Bim and Bad mediate imatinib-induced killing of Bcr/Abl+ leukemic cells and resistance due to their loss is overcome by a BH3 mimetic

摘要

Cell killing is a critical pharmacological activity of imatinib to eradicate Bcr/Abl⁺ leukemias. We found that imatinib kills Bcr/Abl⁺ leukemic cells by triggering the Bcl-2-regulated apoptotic pathway. Imatinib activated several proapoptotic BH3-only proteins: bim and bmf transcription was increased, and both Bim and Bad were activated posttranslationally. Studies using RNAi and cells from gene-targeted mice revealed that Bim plays a major role in imatinib-induced apoptosis of Bcr/Abl⁺ leukemic cells and that the combined loss of Bim and Bad abrogates this killing. Loss of Bmf or Puma had no effect.
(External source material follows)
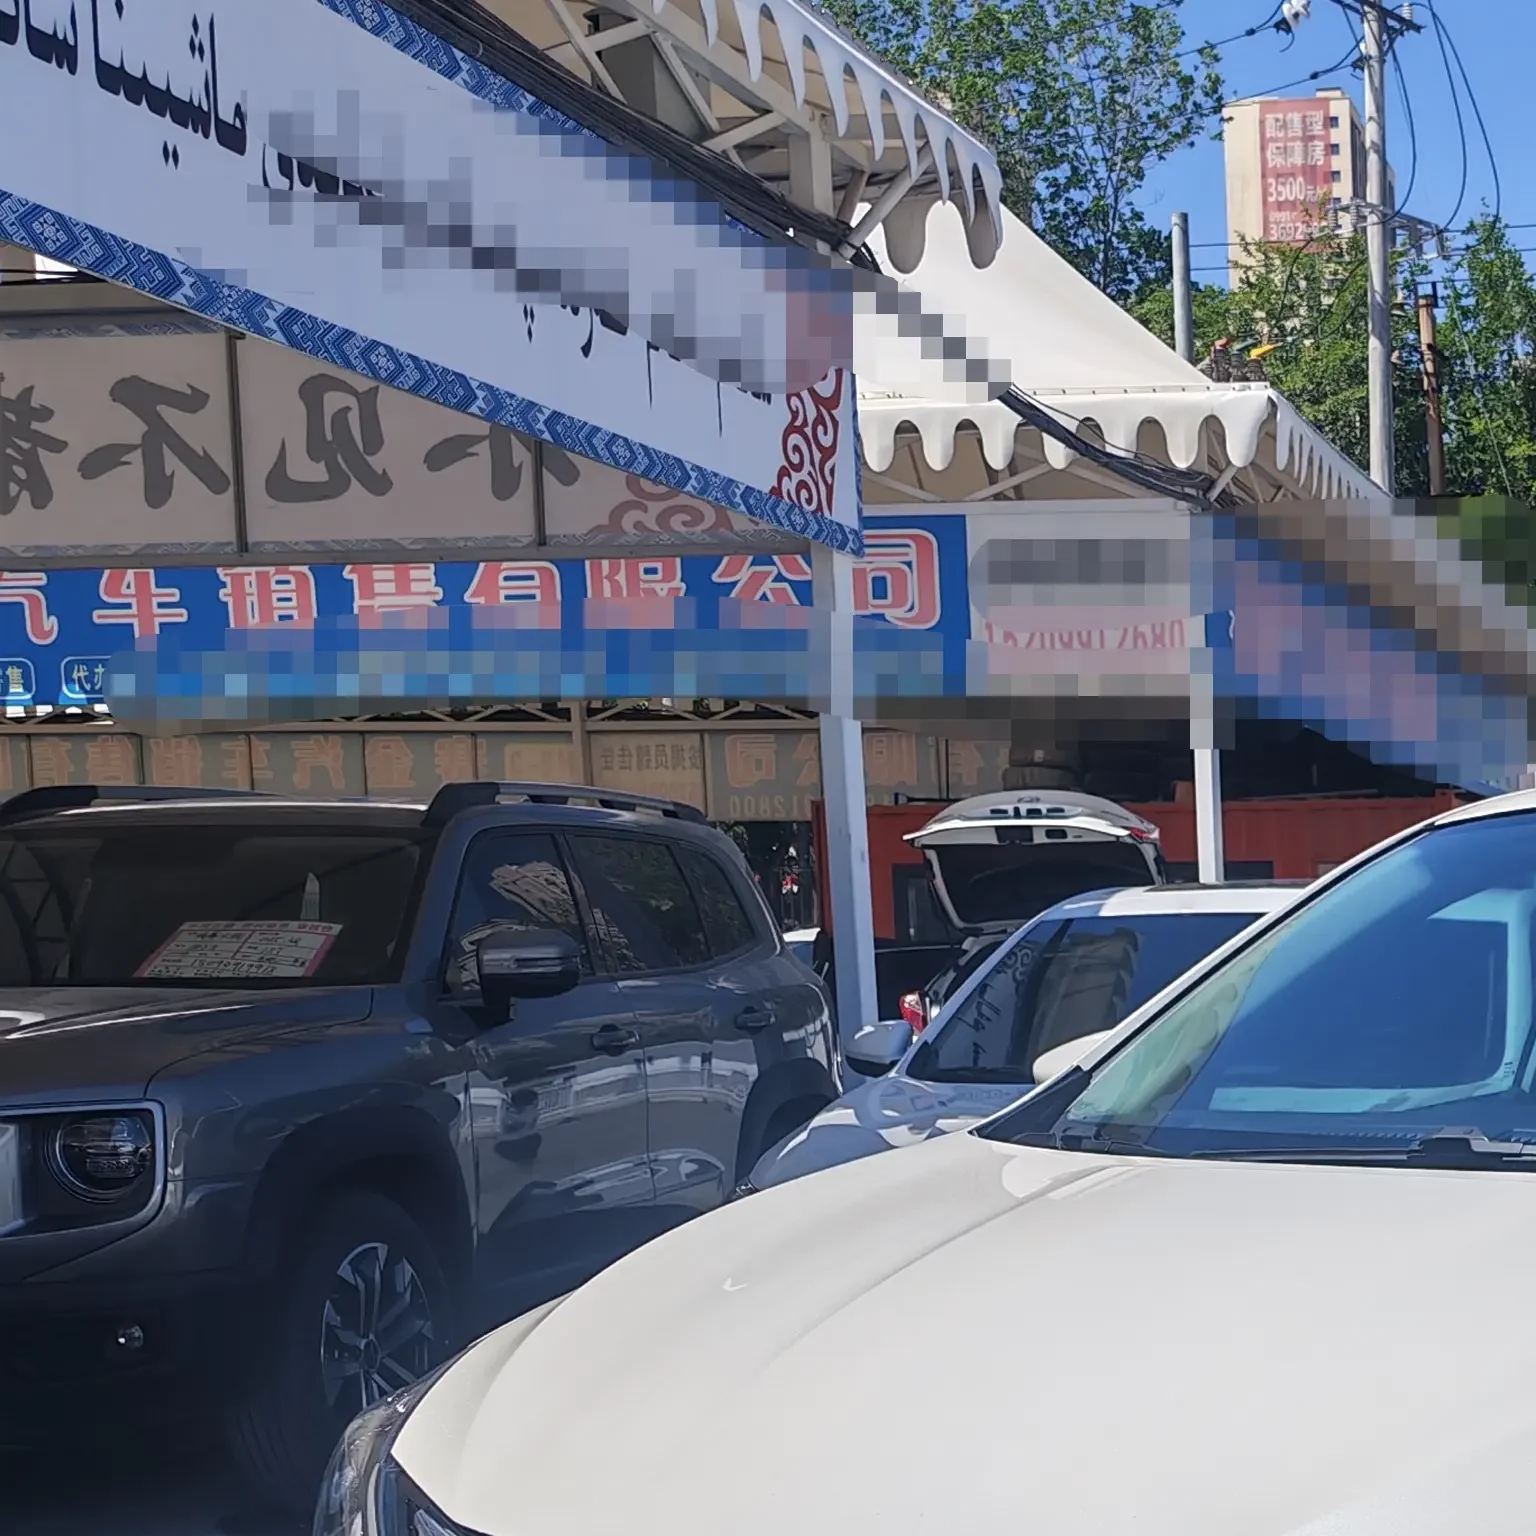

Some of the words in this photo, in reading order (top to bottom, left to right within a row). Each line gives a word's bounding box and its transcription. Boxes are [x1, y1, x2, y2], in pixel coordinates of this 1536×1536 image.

Resistance to imatinib caused by Bcl-2 overexpression or loss of Bim (plus Bad) could be overcome by cotreatment with the BH3 mimetic ABT-737. These results demonstrate that Bim and Bad account for most, perhaps all, imatinib-induced killing of Bcr/Abl⁺ leukemic cells and suggest previously undescribed drug combination strategies for cancer therapy.